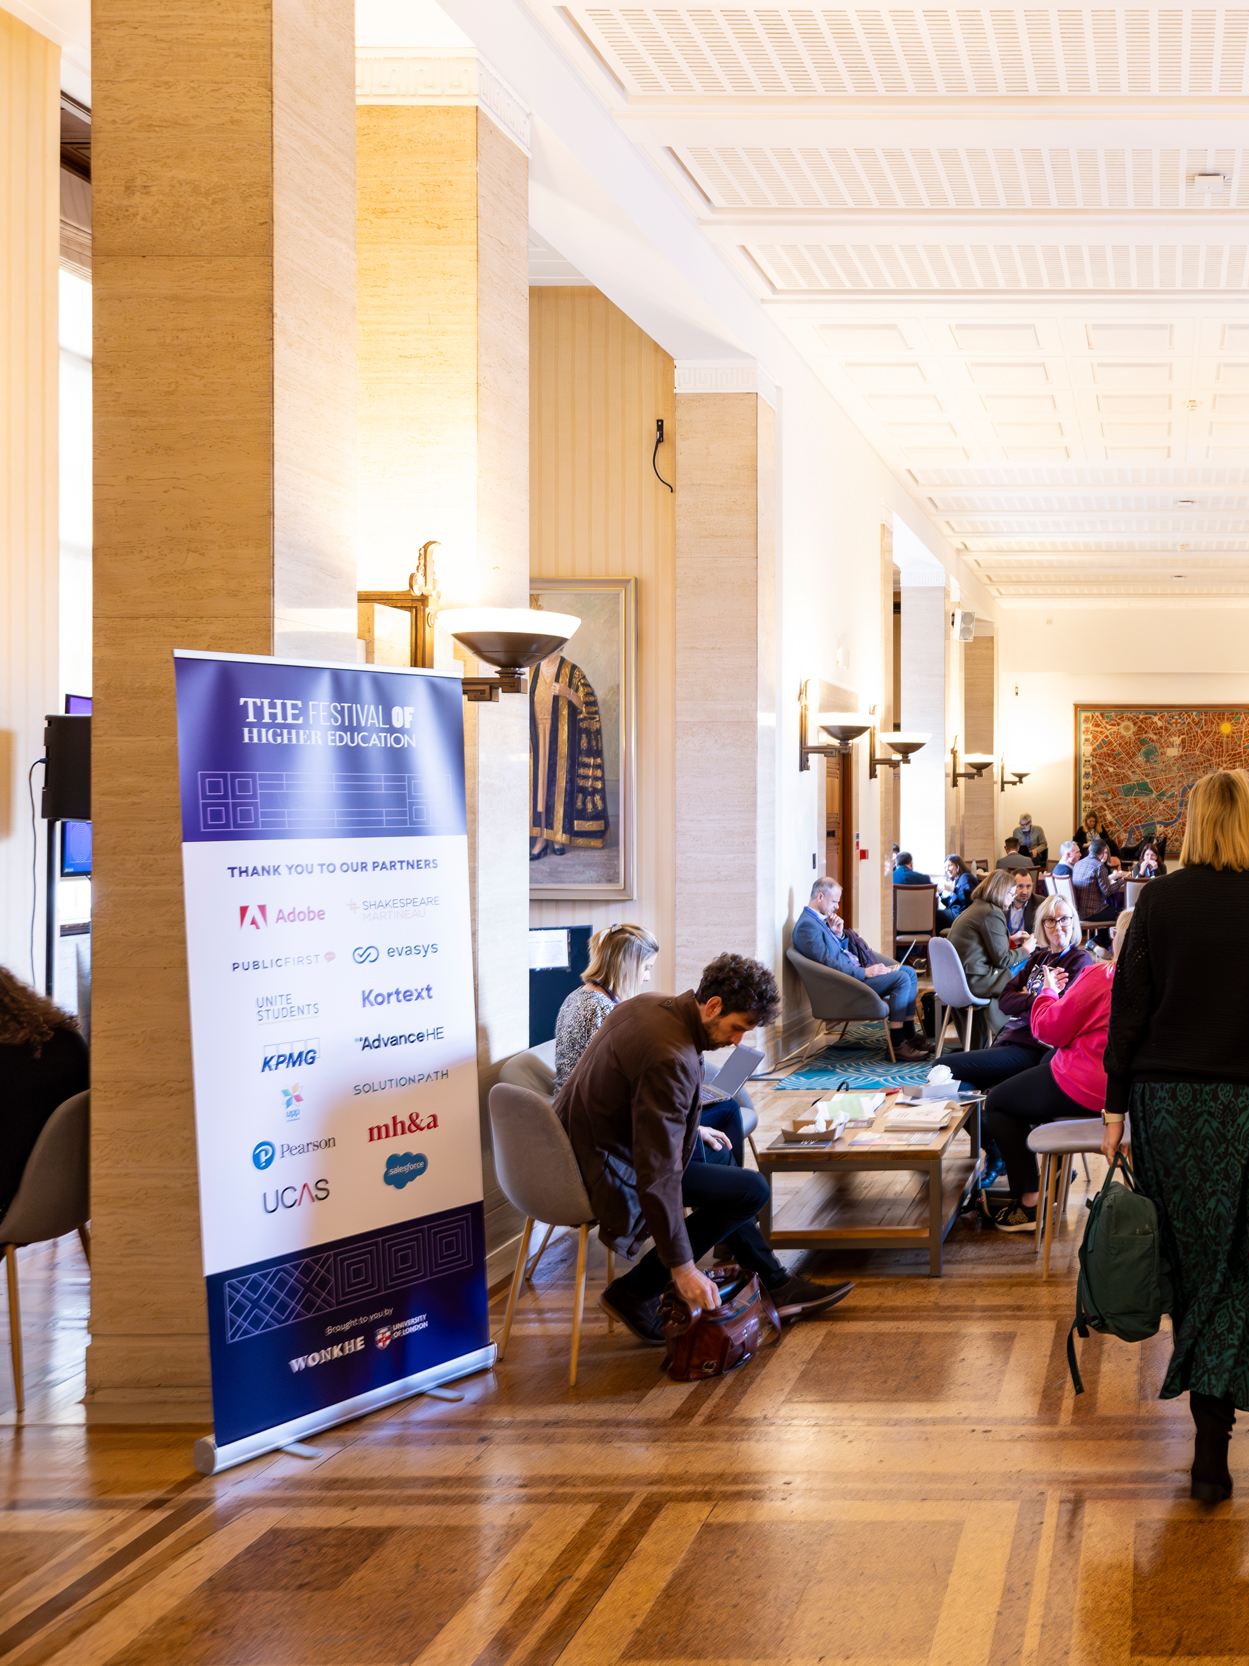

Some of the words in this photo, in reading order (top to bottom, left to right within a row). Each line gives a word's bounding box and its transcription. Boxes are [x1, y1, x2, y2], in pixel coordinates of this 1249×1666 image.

[239, 697, 304, 723] THE
[308, 701, 390, 728] FESTIVAL
[391, 706, 415, 729] OF
[242, 727, 323, 745] HIGHER
[327, 731, 416, 748] EDUCATION
[227, 864, 282, 878] THANK
[285, 863, 314, 876] YOU
[317, 862, 337, 874] TO
[339, 861, 369, 873] OUR
[372, 858, 439, 872] PARTNERS
[362, 896, 441, 910] SHAKESPEARE
[275, 906, 326, 924] Adobe
[362, 908, 426, 921] MARTINEAU
[386, 943, 439, 958] evasys
[232, 954, 321, 972] PUBLICFIRST
[256, 993, 293, 1008] UNITE
[361, 983, 434, 1008] Kortext
[256, 1002, 320, 1022] STUDENTS
[260, 1048, 318, 1073] KPMG
[353, 1069, 450, 1096] SOLUTIONPATH
[367, 1111, 440, 1143] mh&a
[279, 1136, 336, 1160] Pearson
[387, 1160, 425, 1176] salesforce
[263, 1178, 331, 1214] UCAS
[324, 1318, 359, 1337] Brought
[359, 1315, 369, 1326] to
[369, 1311, 384, 1322] you
[383, 1307, 394, 1317] by
[391, 1313, 427, 1331] UNIVERSITY
[392, 1329, 401, 1340] OF
[401, 1321, 429, 1336] LONDON
[288, 1335, 366, 1374] WONKHE
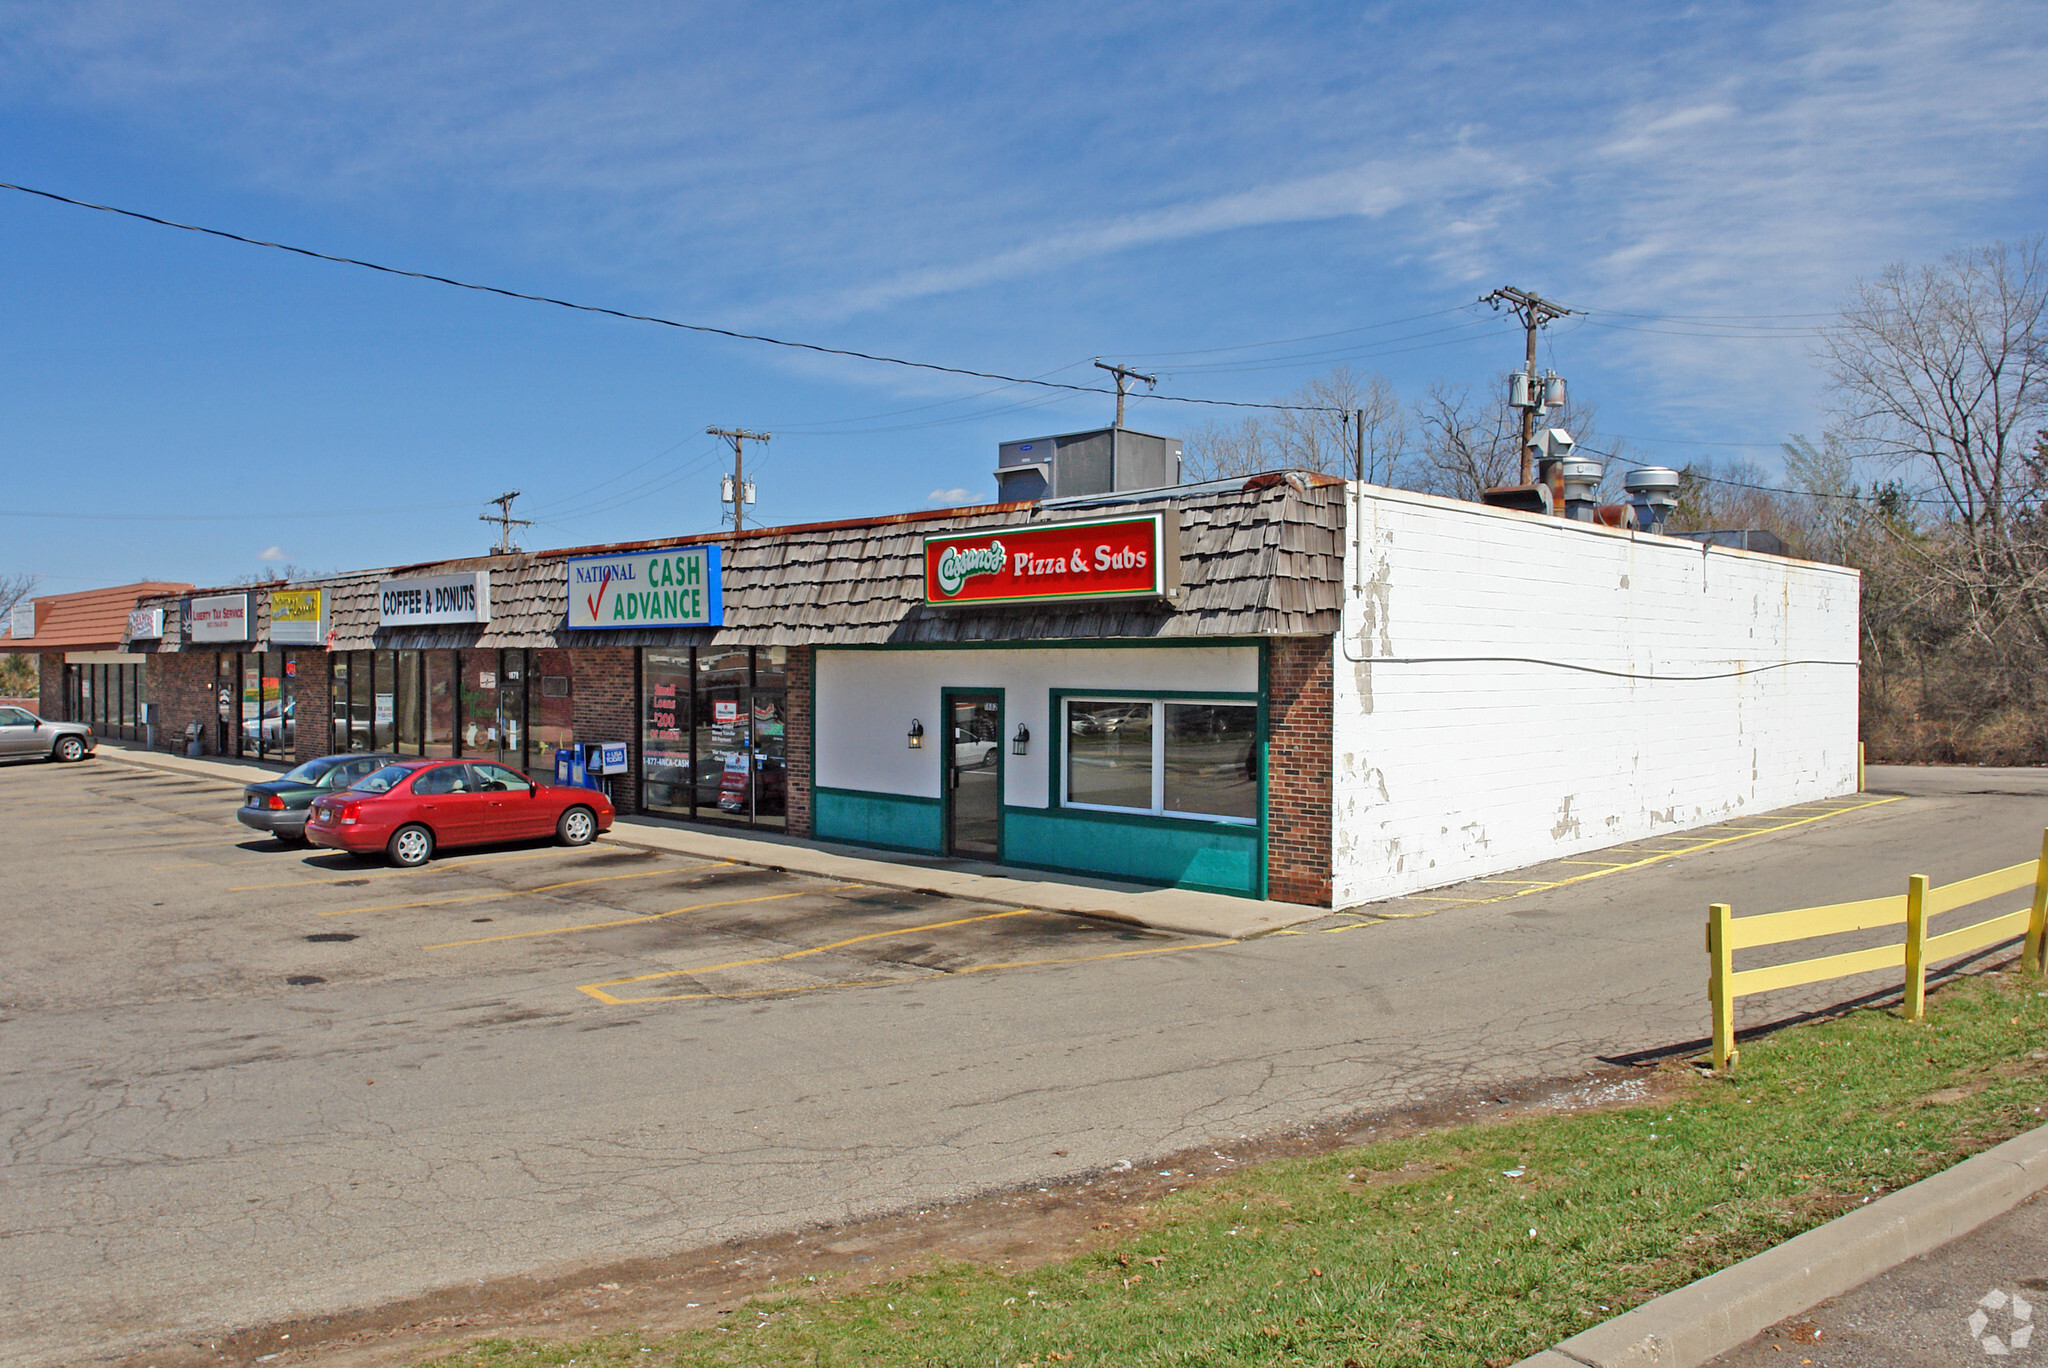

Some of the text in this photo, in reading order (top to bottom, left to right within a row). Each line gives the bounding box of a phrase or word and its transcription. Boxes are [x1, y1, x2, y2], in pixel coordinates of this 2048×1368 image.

[576, 563, 636, 583] NATIONAL
[648, 556, 700, 588] CASH
[937, 540, 1147, 596] Cassano's Pizza & Subs
[383, 584, 475, 616] COFFEE & DONUTS
[613, 589, 700, 620] ADVANCE
[654, 683, 676, 696] Small
[653, 696, 676, 709] Loans
[654, 712, 675, 727] $200
[650, 730, 680, 740] or more
[606, 755, 623, 763] TODAY
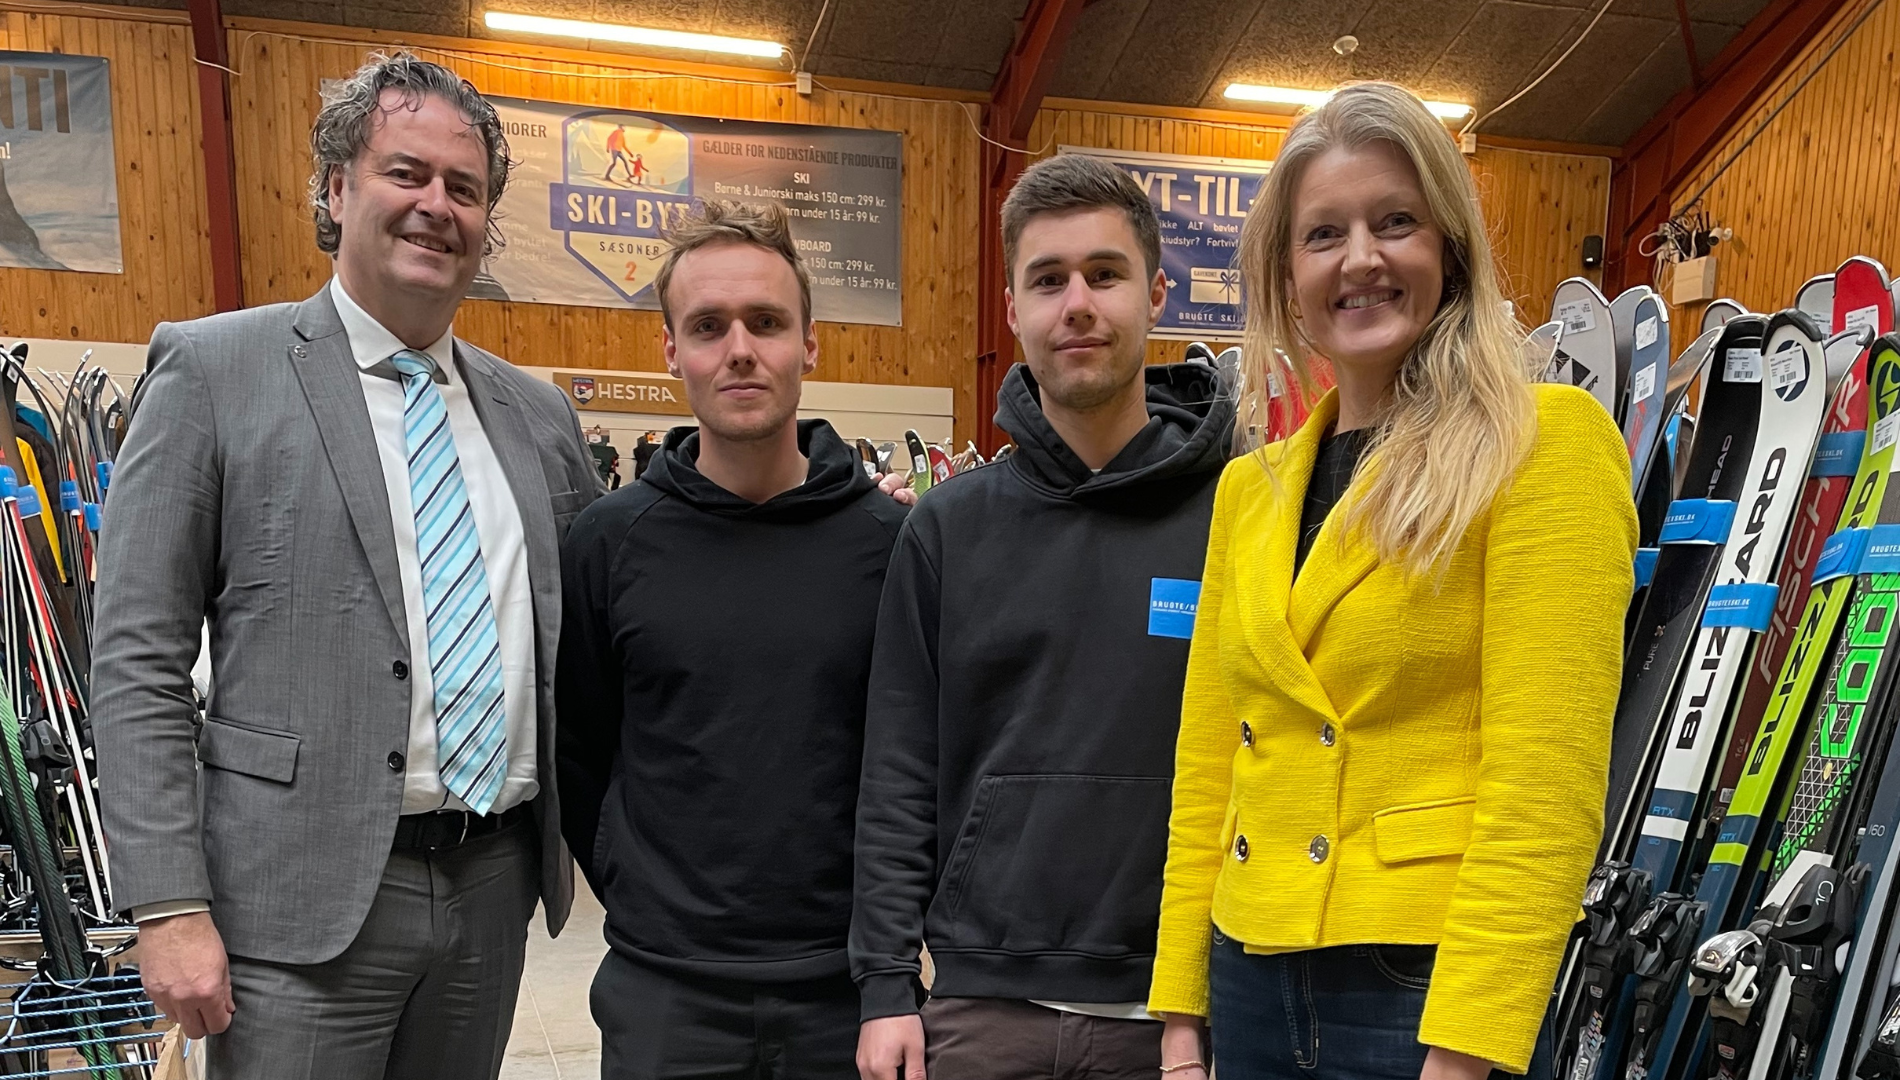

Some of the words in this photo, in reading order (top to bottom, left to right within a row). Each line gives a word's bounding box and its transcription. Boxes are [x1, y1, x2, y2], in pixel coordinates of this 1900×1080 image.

Task to complete:
Except for pictures, copy the records above exactly.

Task response:
Some of the words in this photo, in reading order (top to bottom, left to right within a row). Each line gives a word's bounding box and its transcription. Boxes are [x1, y1, x2, y2], in pixel coordinates of this 1249×1666 image.

[239, 697, 304, 723] THE
[308, 701, 390, 728] FESTIVAL
[391, 706, 415, 729] OF
[242, 727, 323, 745] HIGHER
[327, 731, 416, 748] EDUCATION
[227, 864, 282, 878] THANK
[285, 863, 314, 876] YOU
[317, 862, 337, 874] TO
[339, 861, 369, 873] OUR
[372, 858, 439, 872] PARTNERS
[362, 896, 441, 910] SHAKESPEARE
[275, 906, 326, 924] Adobe
[362, 908, 426, 921] MARTINEAU
[386, 943, 439, 958] evasys
[232, 954, 321, 972] PUBLICFIRST
[256, 993, 293, 1008] UNITE
[361, 983, 434, 1008] Kortext
[256, 1002, 320, 1022] STUDENTS
[260, 1048, 318, 1073] KPMG
[353, 1069, 450, 1096] SOLUTIONPATH
[367, 1111, 440, 1143] mh&a
[279, 1136, 336, 1160] Pearson
[387, 1160, 425, 1176] salesforce
[263, 1178, 331, 1214] UCAS
[324, 1318, 359, 1337] Brought
[359, 1315, 369, 1326] to
[369, 1311, 384, 1322] you
[383, 1307, 394, 1317] by
[391, 1313, 427, 1331] UNIVERSITY
[392, 1329, 401, 1340] OF
[401, 1321, 429, 1336] LONDON
[288, 1335, 366, 1374] WONKHE

Some of the text in this photo, in reading order (top to bottom, left to right within a row). Each line gives the bounding box of a phrase or word and its transcription. Boxes are [x1, y1, x2, y2], in pixel coordinates of this 2048×1368 image.

[576, 563, 636, 583] NATIONAL
[648, 556, 700, 588] CASH
[937, 540, 1147, 596] Cassano's Pizza & Subs
[383, 584, 475, 616] COFFEE & DONUTS
[613, 589, 700, 620] ADVANCE
[654, 683, 676, 696] Small
[653, 696, 676, 709] Loans
[654, 712, 675, 727] $200
[650, 730, 680, 740] or more
[606, 755, 623, 763] TODAY

Some of the words in this photo, in reading order (top to bottom, left to right within a row). Each line gives a word's bounding box and its transcription. Boxes are [x1, y1, x2, y2], in pixel coordinates of this 1900×1080 image.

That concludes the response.